The Climate is Changing for Digital Healthcare Marketing

Written on September 9, 2010 at 3:29 pm by Michael Lamberson

 

It’s coming. The FDA is planning to release draft guidelines for healthcare companies on advertising through digital marketing channels sometime later this year.

The Climate is Changing

The Climate is Changing

This is great news!
Pharma and Device companies are already using digital channels – some more aggressively than others. I was at a conference in June specifically addressing social media in pharmaceutical marketing and that was pretty much the topic du jour. No clear answers, just a lot of interesting debate. This left a lot of marketers (justifiably) frustrated.
Last week’s article entitled “Outgunned FDA tries to get tough with drug ads” outlines mostly the bad – a few isolated incidents where advertising was pushed too far, or risks not stated explicitly enough. I am guessing there are hundreds of thousands of pieces of marketing material produced each year.

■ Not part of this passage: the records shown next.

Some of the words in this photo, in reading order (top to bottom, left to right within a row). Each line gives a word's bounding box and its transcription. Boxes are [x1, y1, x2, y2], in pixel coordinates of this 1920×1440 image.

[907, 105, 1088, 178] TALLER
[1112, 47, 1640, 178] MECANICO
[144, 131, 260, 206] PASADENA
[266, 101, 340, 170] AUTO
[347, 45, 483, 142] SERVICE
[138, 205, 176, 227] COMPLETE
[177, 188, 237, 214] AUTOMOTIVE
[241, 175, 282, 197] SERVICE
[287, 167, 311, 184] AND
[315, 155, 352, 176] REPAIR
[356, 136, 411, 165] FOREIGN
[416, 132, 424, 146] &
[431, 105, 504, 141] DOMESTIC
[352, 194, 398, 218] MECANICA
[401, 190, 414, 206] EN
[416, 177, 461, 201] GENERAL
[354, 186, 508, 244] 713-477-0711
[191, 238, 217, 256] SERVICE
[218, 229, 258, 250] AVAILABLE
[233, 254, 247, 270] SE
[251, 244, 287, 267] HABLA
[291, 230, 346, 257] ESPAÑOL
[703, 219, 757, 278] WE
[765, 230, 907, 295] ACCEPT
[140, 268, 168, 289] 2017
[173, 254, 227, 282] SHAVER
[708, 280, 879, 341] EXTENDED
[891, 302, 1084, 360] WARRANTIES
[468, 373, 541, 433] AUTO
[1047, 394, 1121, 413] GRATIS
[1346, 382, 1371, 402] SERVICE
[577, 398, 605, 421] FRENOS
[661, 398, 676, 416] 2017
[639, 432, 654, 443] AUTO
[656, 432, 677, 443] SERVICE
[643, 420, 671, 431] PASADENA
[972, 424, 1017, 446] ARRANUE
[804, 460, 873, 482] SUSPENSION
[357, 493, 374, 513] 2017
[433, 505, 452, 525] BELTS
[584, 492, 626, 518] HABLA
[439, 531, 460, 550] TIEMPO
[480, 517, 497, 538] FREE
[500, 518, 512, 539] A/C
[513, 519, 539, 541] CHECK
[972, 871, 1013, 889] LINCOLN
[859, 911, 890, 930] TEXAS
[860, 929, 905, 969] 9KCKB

The article states $4.8B was spent on patient (DTC) advertising in 2009 and I would double that for HCP marketing when you include salesforce and sampling costs. The FDA – or any other agency – cannot possibly control it all which makes a good case for having robust regulations around advertising, specifically in the digital space where none exists at the moment. What worries me is that the Agency may be signaling they will hire enough people to monitor this infinite amount of marketing material versus spending time creating practical and quality digital ad guidelines. I hope I am wrong.

These are exciting times.
There are now exponentially more touch points that patients and HCPs have with manufacturers in which to form productive and educational relationships. The net benefit has to be positive. I certainly hope regulators don’t impede communication channels for patients and HCPs to manufacturers.

The Wall

The climate is changing and manufacturers need to start preparing for:
1. Understanding what the guidelines might mean and closely following the FDA’s progress.
2. Getting involved and making your voice heard.
3. Creating open and productive relationships with internal legal and regulatory teams.
4. Ensuring they are propagating an appropriate message that ladders up to the brand strategy.
5. Measuring each channel (digital and non-digital) for effectiveness versus cost and risk.

What do you think? Will the guidelines help or hurt the pharma and device companies?